Hamiltonian replica exchange augmented with diffusion-based generative models and importance sampling to assess biomolecular conformational basins and barriers

Abstract: Enhanced sampling techniques are essential for exploring biomolecular conformational dynamics that occur on timescales inaccessible to conventional molecular dynamics (MD) simulations. This study introduces a framework that combines Hamiltonian replica exchange (REST2) with denoising diffusion probabilistic models (DDPMs) and importance sampling to enhance the mapping of conformational free-energy landscapes. Building on previous applications of DDPMs to temperature replica exchange (TREM), we propose two key improvements.

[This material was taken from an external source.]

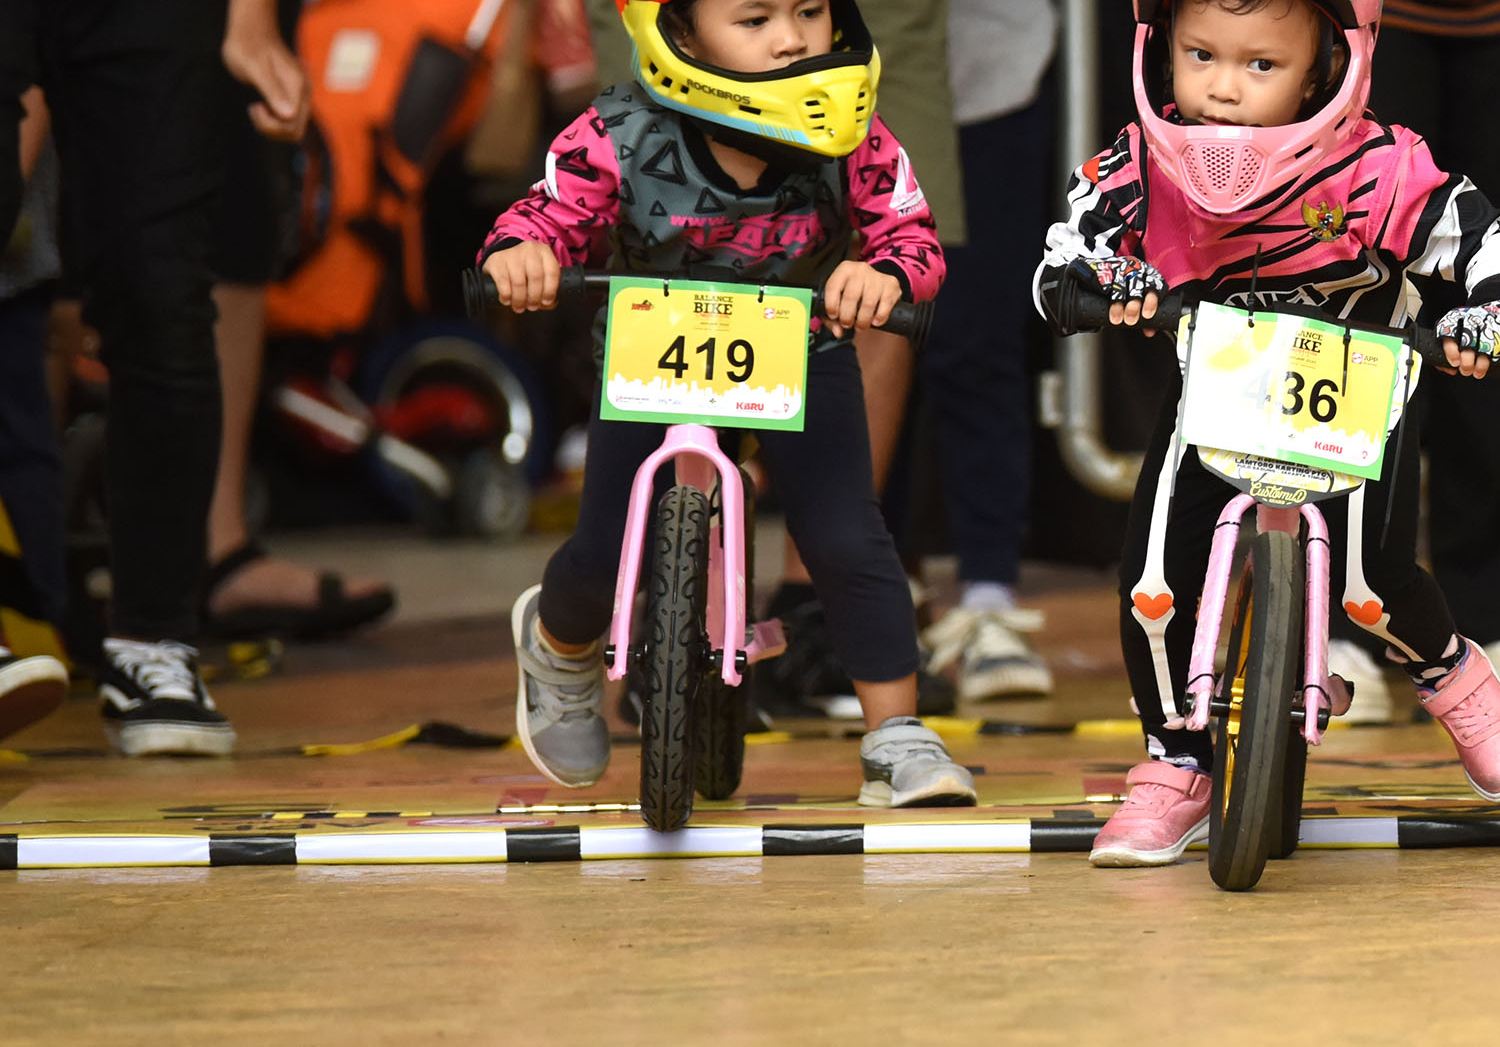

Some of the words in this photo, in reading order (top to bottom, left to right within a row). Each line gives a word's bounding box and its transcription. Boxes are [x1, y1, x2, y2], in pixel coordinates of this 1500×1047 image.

First, we adapt the method to REST2 by treating potential energy as a fluctuating variable. This adaptation allows for more efficient sampling in large biomolecular systems. Second, to further improve resolution in high-barrier regions, we develop an iterative scheme combining replica exchange, DDPM, and importance sampling along known collective variables. Benchmarking on the mini-protein CLN025 demonstrates that DDPM-refined REST2 achieves comparable accuracy to TREM while requiring fewer replicas. Application to the enzyme PTP1B reveals a loop transition pathway consistent with prior complex biased simulations, showcasing the approach's ability to uncover high-barrier transitions with minimal computational overhead with respect to conventional replica exchange approaches. Overall, this hybrid strategy enables more efficient exploration of free-energy landscapes, expanding the utility of generative models in enhanced sampling simulations.